## About this exercise
Please transcribe the records precisely; pictures stay out of your copy.

## Recorded information
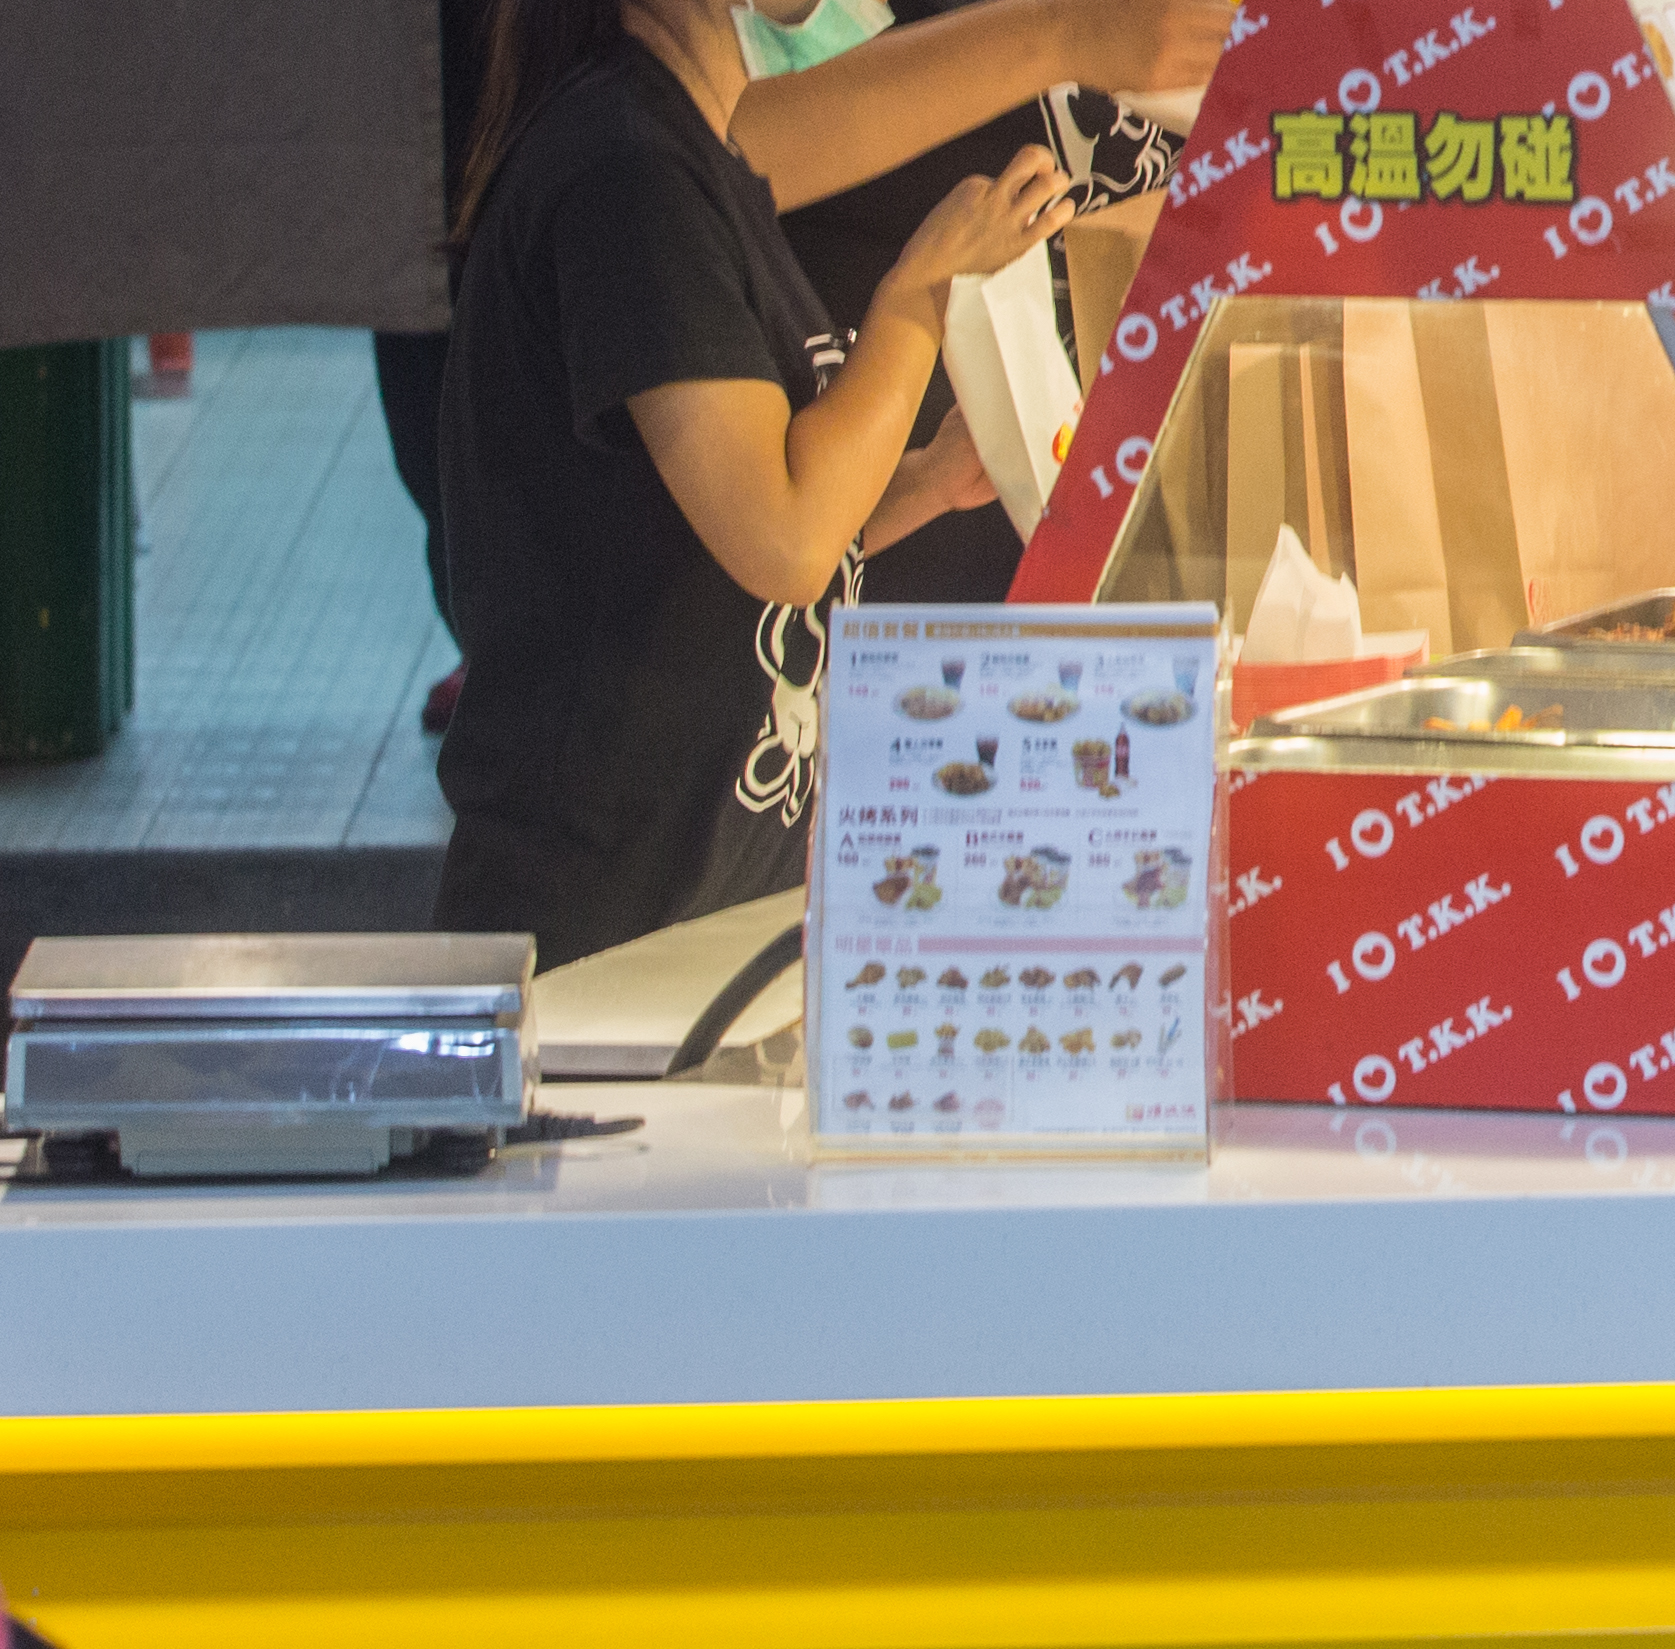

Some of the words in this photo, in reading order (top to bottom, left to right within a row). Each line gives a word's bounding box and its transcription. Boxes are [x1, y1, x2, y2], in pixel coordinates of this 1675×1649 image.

[1384, 9, 1496, 85] T.K.K.
[1273, 111, 1575, 201] 高溫勿碰
[1160, 253, 1272, 330] T.K.K.
[1325, 837, 1349, 870] I
[1555, 844, 1579, 877] I
[1327, 961, 1351, 994] I
[1397, 873, 1511, 950] T.K.K.
[1557, 967, 1581, 1000] I
[1398, 996, 1513, 1073] T.K.K.

## Solution
Some of the words in this photo, in reading order (top to bottom, left to right within a row). Each line gives a word's bounding box and its transcription. Boxes are [x1, y1, x2, y2], in pixel coordinates of this 1675×1649 image.

[1384, 9, 1496, 85] T.K.K.
[1273, 111, 1575, 201] 高溫勿碰
[1160, 253, 1272, 330] T.K.K.
[1325, 837, 1349, 870] I
[1555, 844, 1579, 877] I
[1327, 961, 1351, 994] I
[1397, 873, 1511, 950] T.K.K.
[1557, 967, 1581, 1000] I
[1398, 996, 1513, 1073] T.K.K.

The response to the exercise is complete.